2. Understanding Definitions

  • Active Diagnoses: Conditions that are actively being treated, monitored, or affect the resident's functional or cognitive status. This includes conditions that impact mood or behavior, require therapeutic interventions, or necessitate nursing monitoring or risk of death.

3. Coding Instructions

  • For each condition listed in Section I, determine if it has been present and received active intervention, monitoring, or treatment in the last 7 days.
  • Code "1" if the condition is active as defined.
  • Code "0" if the condition is not active according to the definitions provided.

4. Coding Tips

  • Review interdisciplinary notes for comprehensive understanding.
  • Verify active status by confirming recent treatments or interventions.
  • Clarify ambiguous or unclear documentation with relevant healthcare professionals.

5. Documentation

  • Clearly document in the medical record the rationale for coding a diagnosis as active.
  • Include evidence of treatment, monitoring, or the condition's impact on the resident's status.

6. Common Errors to Avoid

  • Overlooking diagnoses that may not have prominent interventions but significantly affect the resident's care (e.g., a controlled condition that influences dietary or activity recommendations).
  • Failing to review the entire 7-day look-back period.
  • Misinterpreting "active" status by not considering conditions that impact functional or cognitive status.

7. Practical Application

  • Example 1: A resident with Type II Diabetes Mellitus receiving daily insulin injections and dietary monitoring should have this condition coded as "1" for active.
  • Example 2: A resident with a history of stroke affecting left-side mobility, requiring physical therapy, and special equipment for daily activities should also be coded as "1" for active, given its impact on functional status.

 

 

The Step-by-Step Coding Guide for item I in MDS 3.0 Section I is based on the Long-Term Care Facility Resident Assessment Instrument 3.0 User’s Manual, Version 1.18.11, dated October 2023. Please note that healthcare guidelines, policies, and regulations can undergo frequent updates. Therefore, healthcare professionals must ensure they are referencing the most current version of the MDS 3.0 manual.

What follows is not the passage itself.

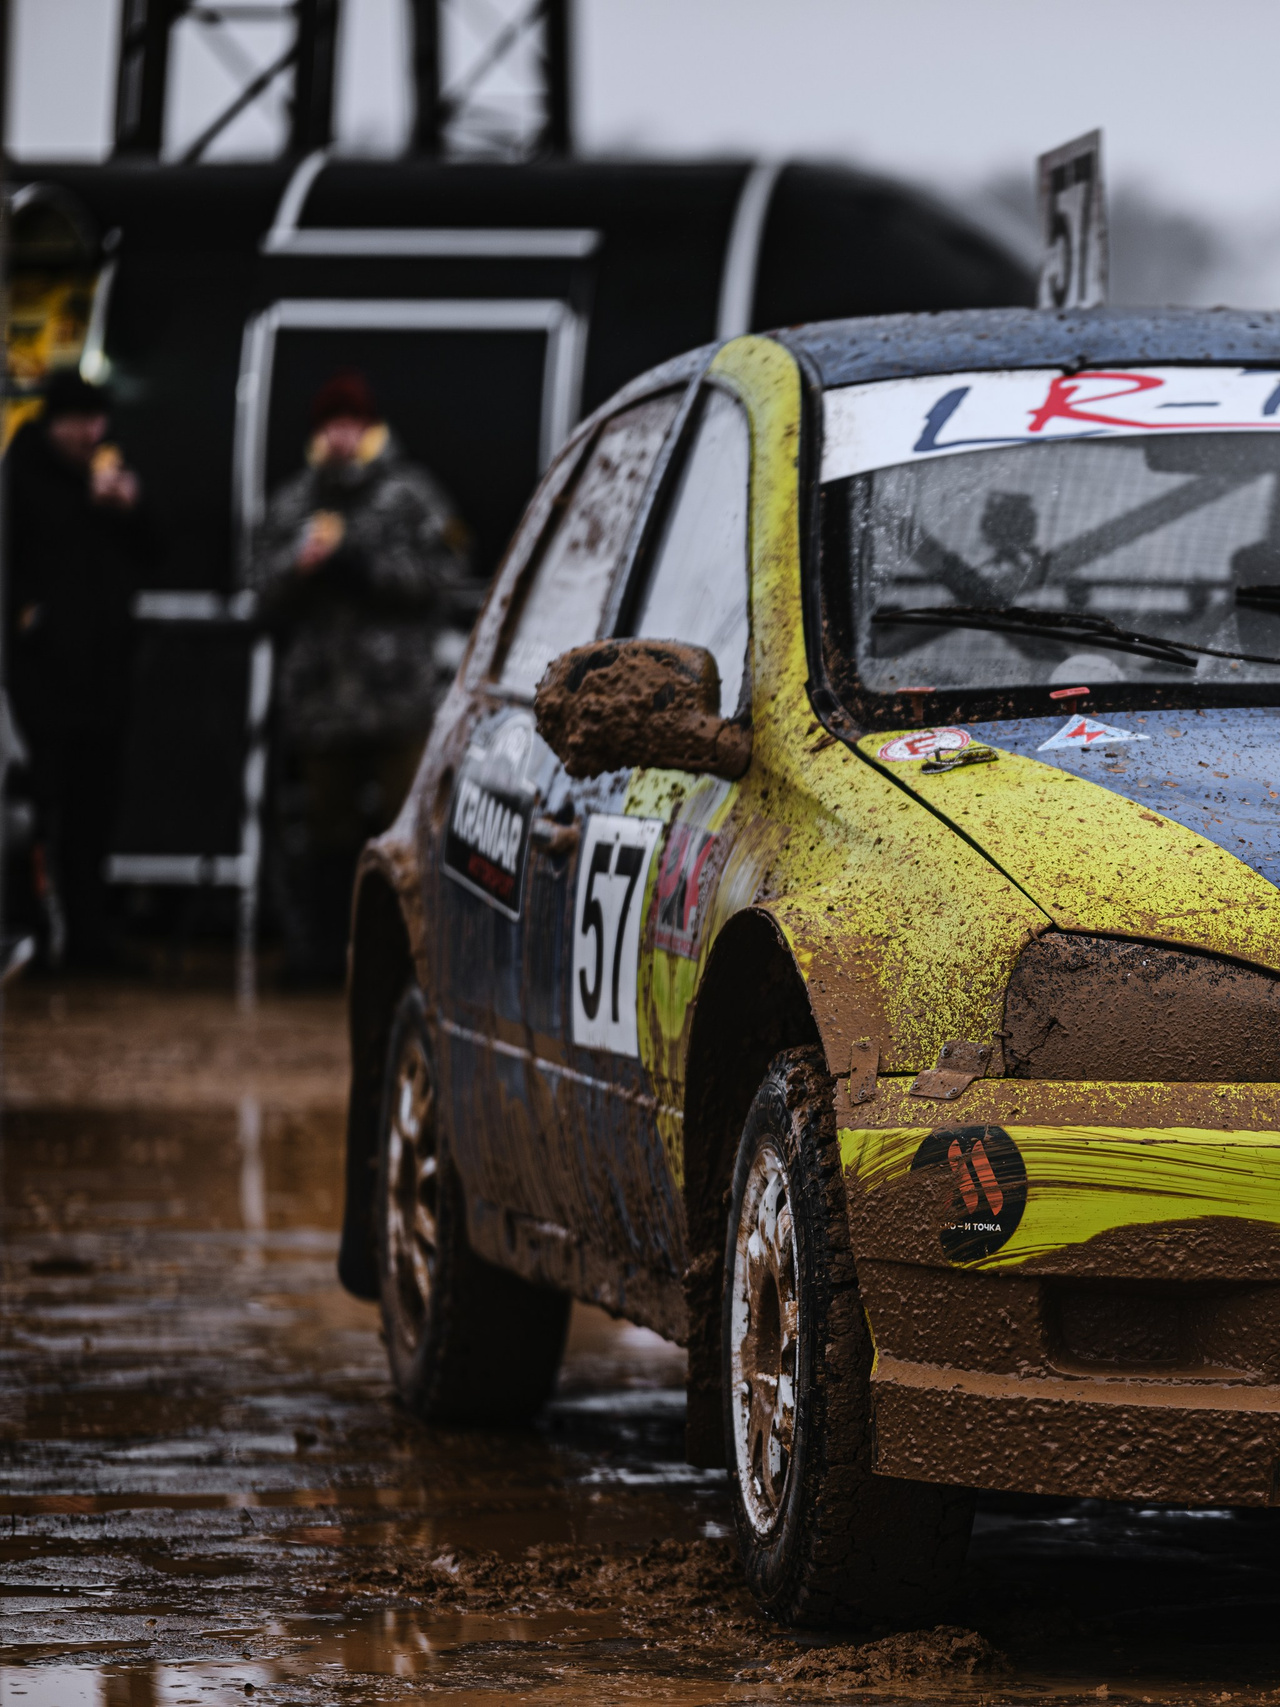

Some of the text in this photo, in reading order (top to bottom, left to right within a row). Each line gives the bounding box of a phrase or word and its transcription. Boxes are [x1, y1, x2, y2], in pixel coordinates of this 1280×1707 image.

[1047, 151, 1093, 309] 57
[453, 777, 524, 876] KRAMAR
[578, 841, 647, 1024] 57
[972, 1222, 1002, 1232] ТОЧКА

This guide aims to assist with understanding and applying the coding procedures as outlined in the referenced manual version. However, in cases where there are updates or changes to the manual after the mentioned date, users should refer to the latest version of the manual for the most accurate and up-to-date information. The guide should not substitute for professional judgment and the consultation of the latest regulatory guidelines in the healthcare field.